Despite the tight inventory, there’s a glimmer of hope for those looking to buy a home. According to Realtor.com’s Economic Research, the number of homes actively for sale increased by 7.1% compared to last year4. This rise signals a potential easing of the inventory crunch, offering some relief to frustrated homebuyers.

Additionally, experts foresee mortgage rates dropping again and predict homebuying will pick up by the end of the year as home prices fall5. This prediction offers a ray of hope for potential buyers who have been priced out of the market due to skyrocketing home prices.

Understanding Current Mortgage Rates

Mortgage rates are a vital piece of the puzzle in the real estate market. They influence not only the affordability of homes but also the decision-making process of potential buyers. Currently, mortgage rates are experiencing some fluctuations due to various economic factors.
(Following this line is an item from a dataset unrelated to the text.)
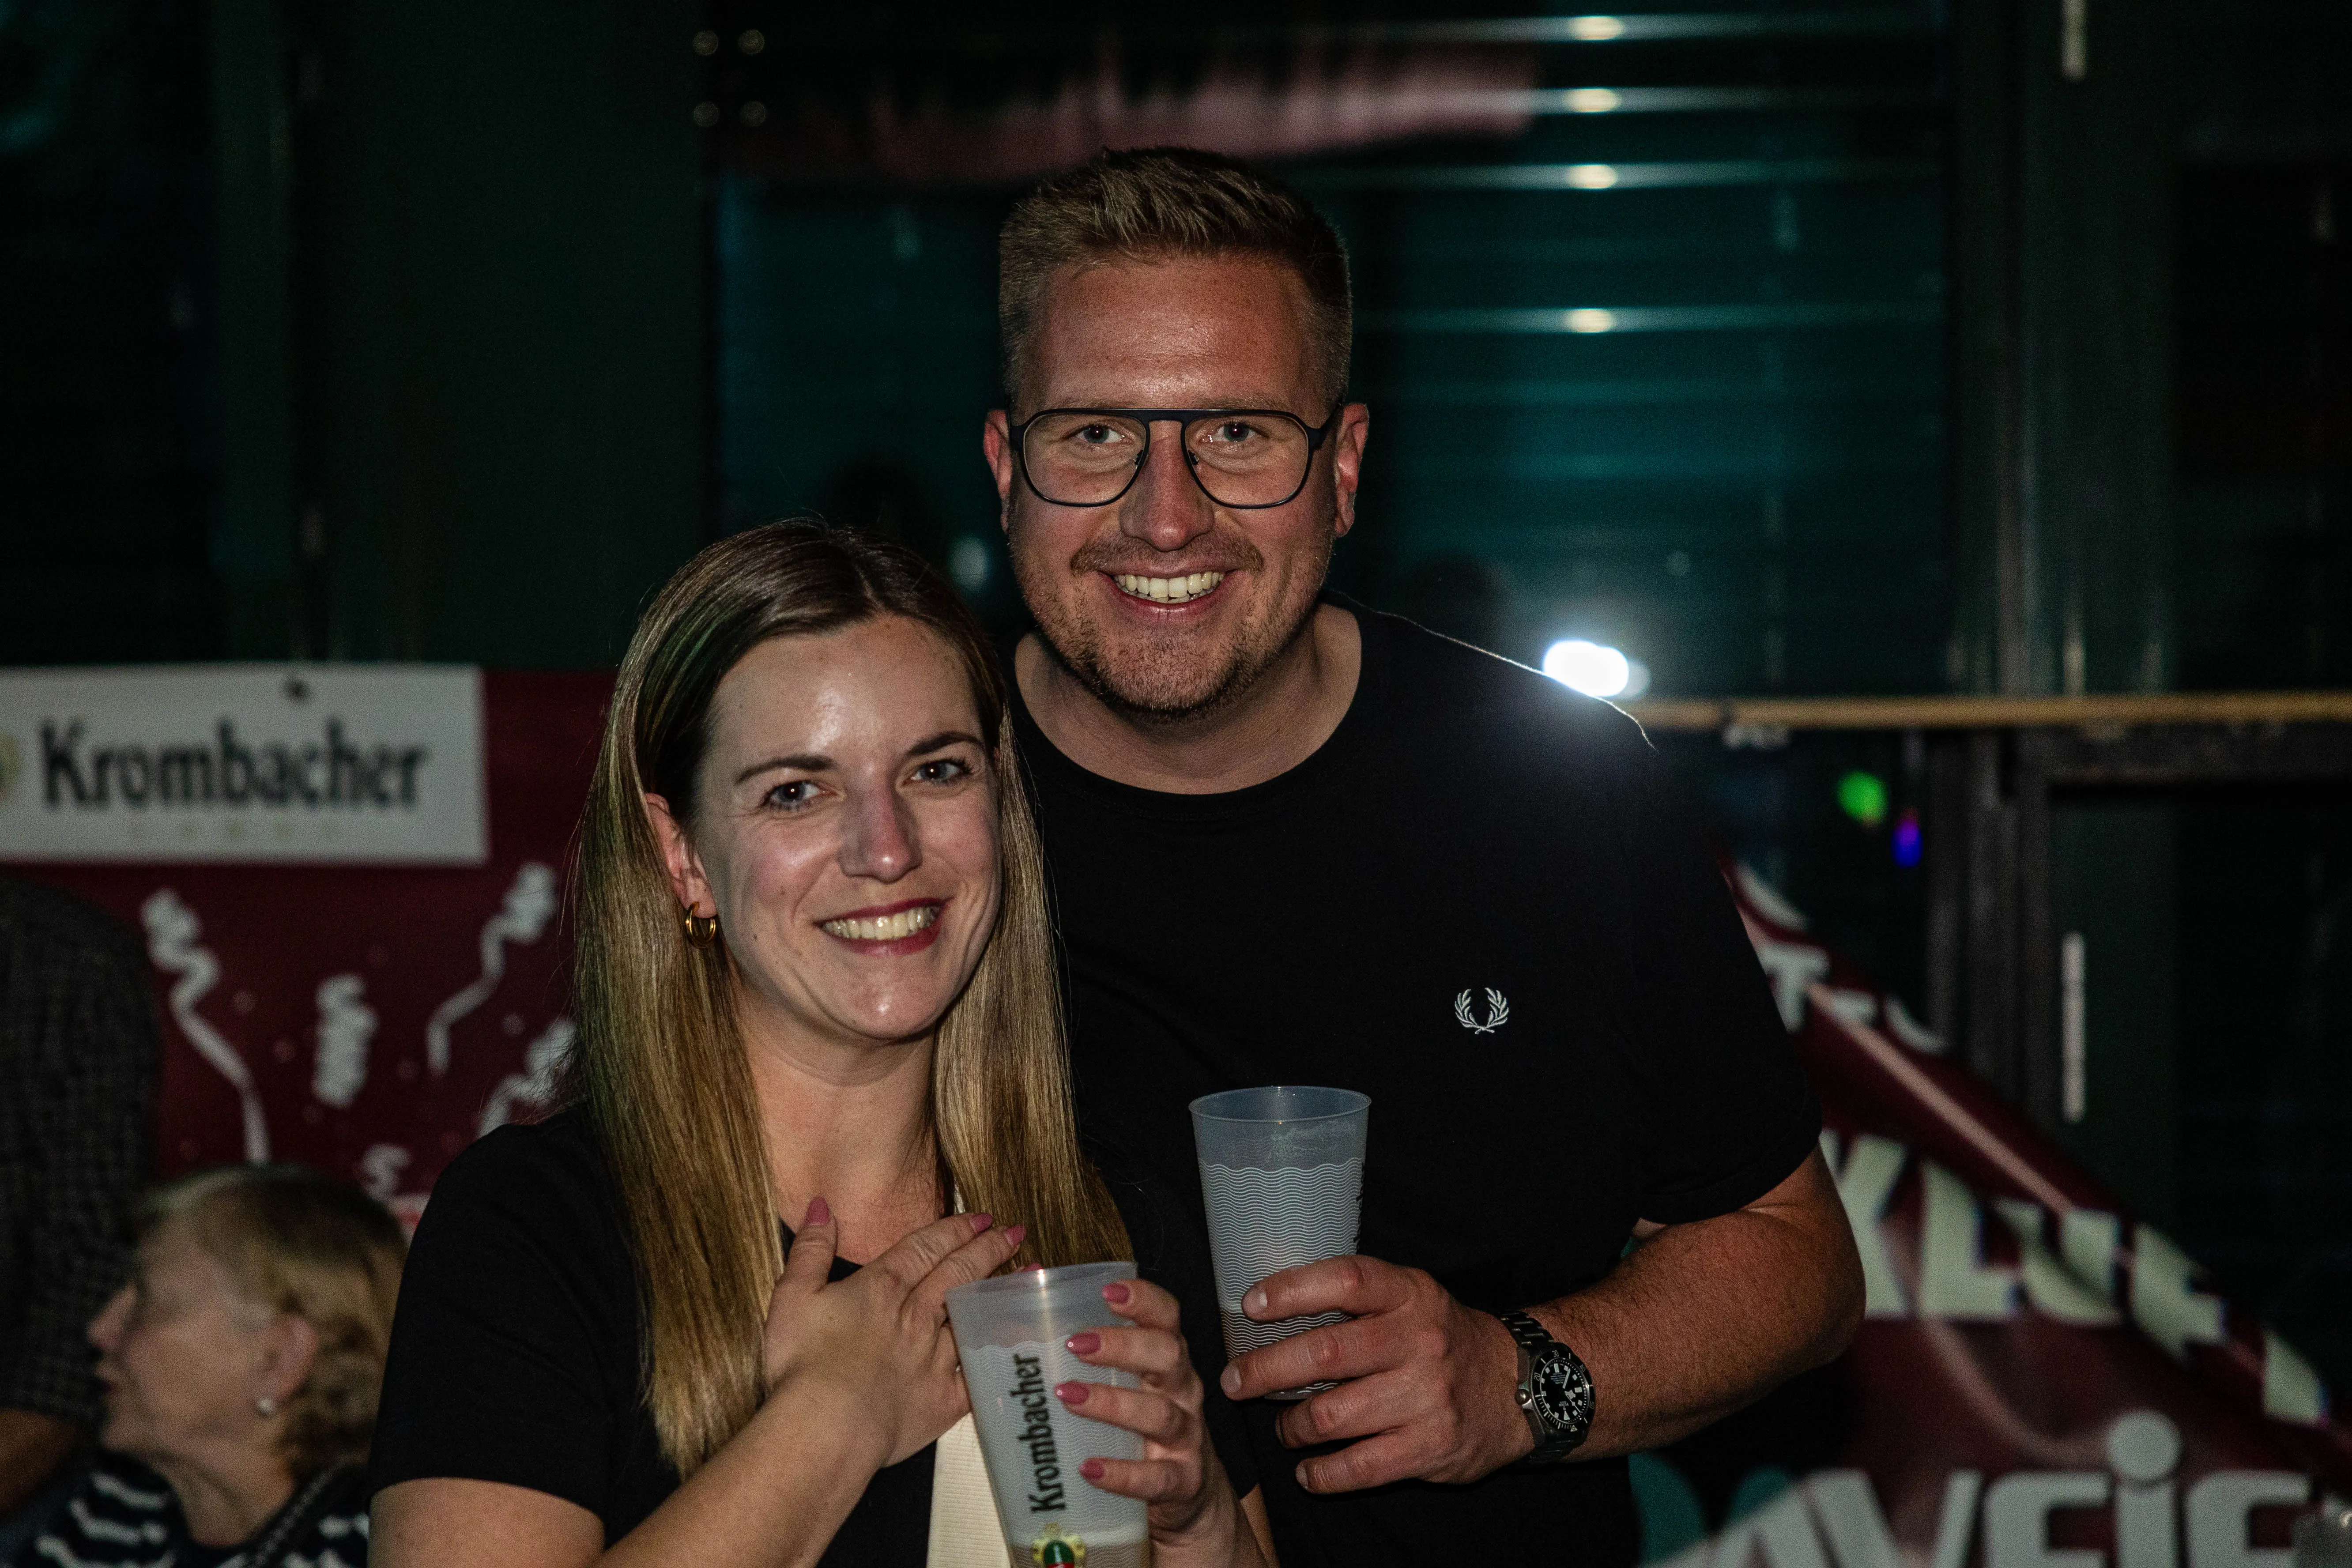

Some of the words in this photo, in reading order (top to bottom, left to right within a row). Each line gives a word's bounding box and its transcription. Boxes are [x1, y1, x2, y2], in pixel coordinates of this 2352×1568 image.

[41, 717, 426, 809] Krombacher
[1533, 1372, 1541, 1381] 20
[1010, 1353, 1066, 1513] Krombacher
While these rates can vary based on individual circumstances, credit scores, and loan terms, the good news is that understanding them doesn’t have to be complicated. With personalized service from mortgage professionals, you can easily understand how these rates impact your home-buying journey.

Looking Ahead: Housing Market Predictions for 2023

As we look towards the future, housing-market experts expect the third quarter of 2023 to present a challenging summer real estate season6. However, with the gradual increase in housing supply and expected drop in mortgage rates, the market could see an upswing in home-buying activity.

While the current inventory situation may seem daunting, it’s essential to remember that the housing market is cyclical. Periods of high demand and low supply, like the one we are experiencing now, are typically followed by periods where the opposite is true.

If you’re a potential homebuyer feeling discouraged by the current market conditions, consider this: patience is a virtue, especially in real estate. The market will shift again, and when it does, you’ll be ready to find your dream home.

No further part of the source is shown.